Government Initiatives
The Government of India has taken a number of initiatives to boost the insurance industry. Some of
them are as follows: The Insurance Regulatory and Development Authority (IRDA) of India has formed
two committees to explore and suggest ways to promote e-commerce in the sector in order to
increase insurance penetration and bring financial inclusion. IRDA has formulated a draft regulation,
IRDAI (Obligations of Insures to Rural and Social Sectors) Regulations, 2015, in pursuance of the
amendments brought about under section 32 B of the Insurance Laws (Amendment) Act, 2015. These
regulations impose obligations on insurers towards providing insurance cover to the rural and
economically weaker sections of the population.
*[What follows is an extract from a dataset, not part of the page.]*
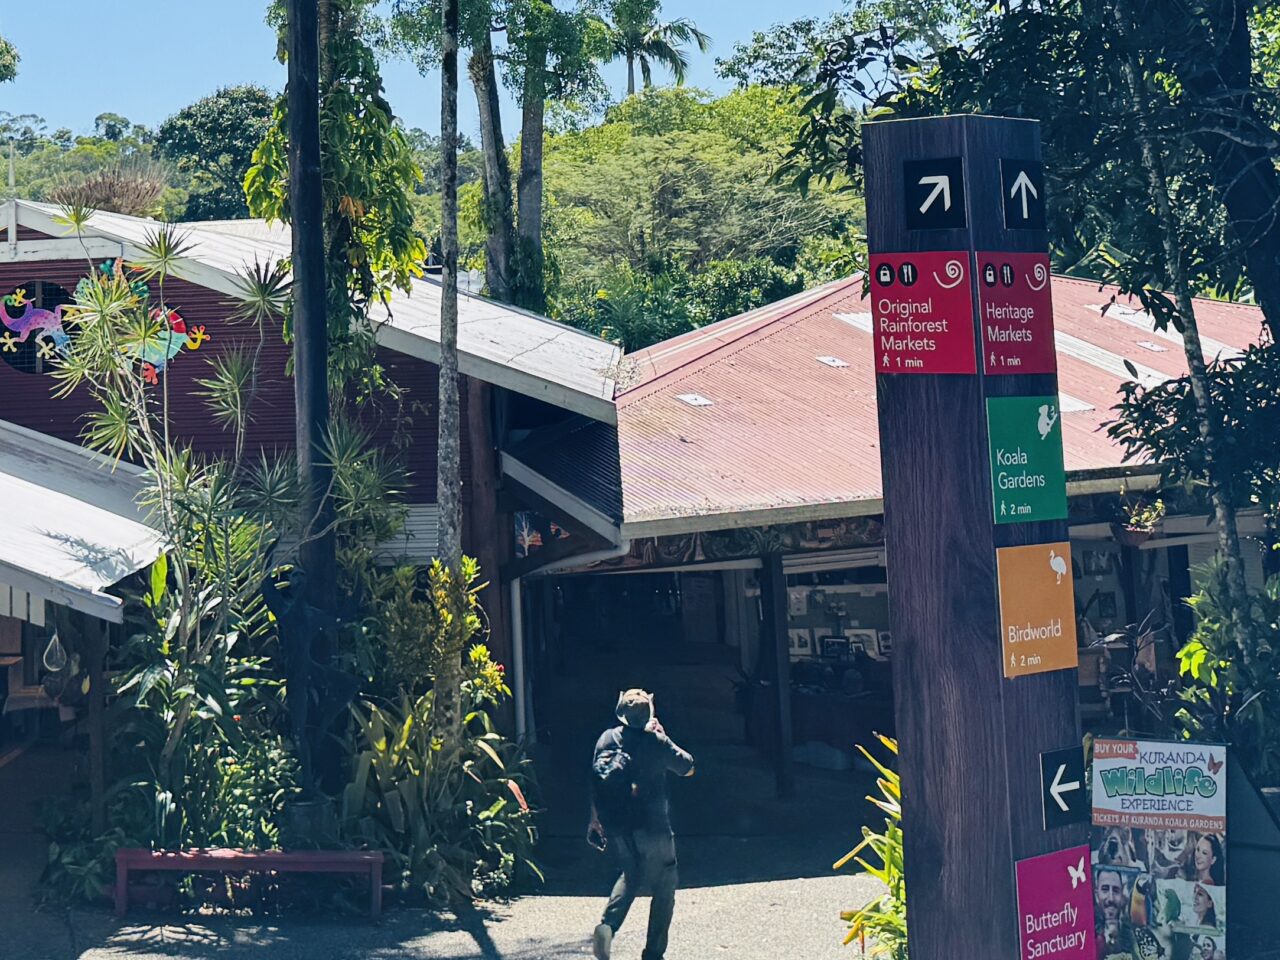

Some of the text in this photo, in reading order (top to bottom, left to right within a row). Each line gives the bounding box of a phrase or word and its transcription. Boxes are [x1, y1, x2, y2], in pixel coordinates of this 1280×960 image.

The Government of India has launched two

insurance schemes as announced in Union Budget 2015-16. The first is Pradhan Mantri Suraksha
Bima Yojana (PMSBY), which is a Personal Accident Insurance Scheme. The second is Pradhan
Mantri Jeevan Jyoti Bima Yojana (PMJJBY), which is the governments Life Insurance Scheme. Both
the schemes offer basic insurance at minimal rates and can be easily availed of through various
government agencies and private sector outlets. The Uttar Pradesh government has launched a first
of its kind banking and insurance services helpline for farmers where individuals can lodge their
complaints on a toll free number. The select committee of the Rajya Sabha gave its approval to
increase stake of foreign investors to 49 per cent equity investment in insurance companies.
Government of India has launched an insurance pool to the tune of Rs 1,500 crore (US$ 226 million)
which is mandatory under the Civil Liability for Nuclear Damage Act (CLND) in a bid to offset financial
burden of foreign nuclear suppliers.